Listing of coref_nlp_lib.hy contains a wrapper for spaCy’s coreference model:
1 (import argparse os)
2 (import spacy neuralcoref)
3
4 (setv nlp2 (spacy.load "en"))
5 (neuralcoref.add_to_pipe nlp2)
6
7 (defn coref-nlp [some-text]
8 (setv doc (nlp2 some-text))
9 { "corefs" doc._.coref_resolved
10 "clusters" doc._.coref_clusters
11 "scores" doc._.coref_scores})
Listing of coref_example.hy shows code to test the Hy spaCy and coreference wrapper:
1 #!/usr/bin/env hy
2
3 (import [coref-nlp-lib [coref-nlp]])
4
5 ;; tests:
6 (print (coref-nlp "President George Bush went to Mexico and he had a very good meal"\
7 ))
8 (print (coref-nlp "Lucy threw a ball to Bill and he caught it"))

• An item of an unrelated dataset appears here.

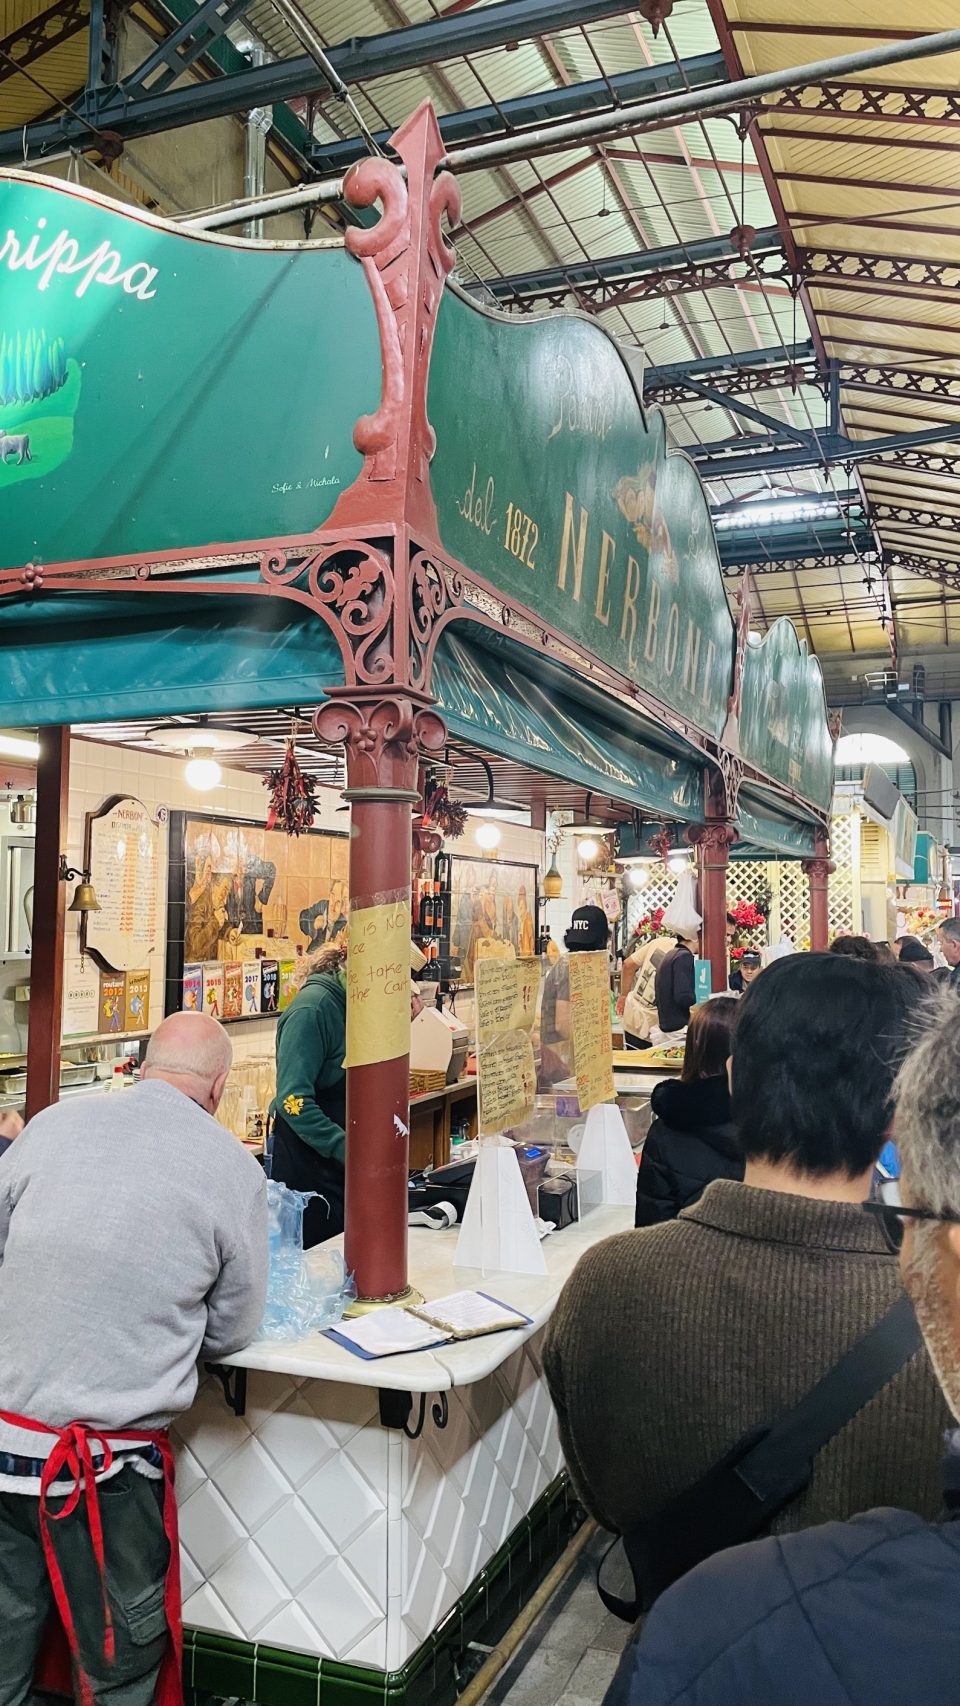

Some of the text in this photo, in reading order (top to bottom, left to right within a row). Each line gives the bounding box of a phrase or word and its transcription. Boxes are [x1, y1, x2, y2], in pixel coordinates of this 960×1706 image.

The output will look like:
1 Marks-MacBook:nlp $ ./coref_example.hy
2 {'corefs': 'President George Bush went to Mexico and President George Bush had a ver\
3 y good meal', 'clusters': [President George Bush: [President George Bush, he]], 'sco\
4 res': {President George Bush: {President George Bush: 1.5810412168502808}, George Bu\
5 sh: {George Bush: 4.11817741394043, President George Bush: -1.546141266822815}, Mexi\
6 co: {Mexico: 1.4138349294662476, President George Bush: -4.650205612182617, George B\
7 ush: -3.666614532470703}, he: {he: -0.5704692006111145, President George Bush: 9.385\
8 97583770752, George Bush: -1.4178757667541504, Mexico: -3.6565260887145996}, a very \
9 good meal: {a very good meal: 1.652894377708435, President George Bush: -2.554375886\
10 9171143, George Bush: -2.13267183303833, Mexico: -1.6889561414718628, he: -2.7667927\
11 742004395}}}
12
13 {'corefs': 'Lucy threw a ball to Bill and Bill caught a ball', 'clusters': [a ball: \
14 [a ball, it], Bill: [Bill, he]], 'scores': {Lucy: {Lucy: 0.41820740699768066}, a bal\
15 l: {a ball: 1.8033190965652466, Lucy: -2.721518039703369}, Bill: {Bill: 1.5611814260\
16 482788, Lucy: -2.8222298622131348, a ball: -1.806389570236206}, he: {he: -0.57600766\
17 42036438, Lucy: 3.054243326187134, a ball: -1.818403720855713, Bill: 3.0774276256561\
18 28}, it: {it: -1.0269954204559326, Lucy: -3.4972281455993652, a ball: -0.31290221214\
19 294434, Bill: -2.5343685150146484, he: -3.6687228679656982}}}
Anaphora resolution, also called coreference, refers to two or more words or phrases in an input text refer to the same noun. This analysis usually entails identifying which noun phrases that pronouns refer to.
Wrap-up
I spent several years of development time during the period from 1984 through 2015 working on natural language processing technology and as a personal side project I sold commercial NLP libraries that I wrote on my own time in Ruby and Common Lisp. The state-of-the-art of Deep Learning enhanced NLP is very good and the open source spaCy library makes excellent use of both conventional NLP technology and pre-trained Deep Learning models. I no longer spend very much time writing my own NLP libraries and instead use spaCy.
I urge you to read through the spaCy documentation because we covered just basic functionality here that we will also need in the later chapter on automatically generating data for Knowledge Graphs. After working through the interactive REPL sessions and the examples in this chapter, you should be able to translate any Python API example code to Hy.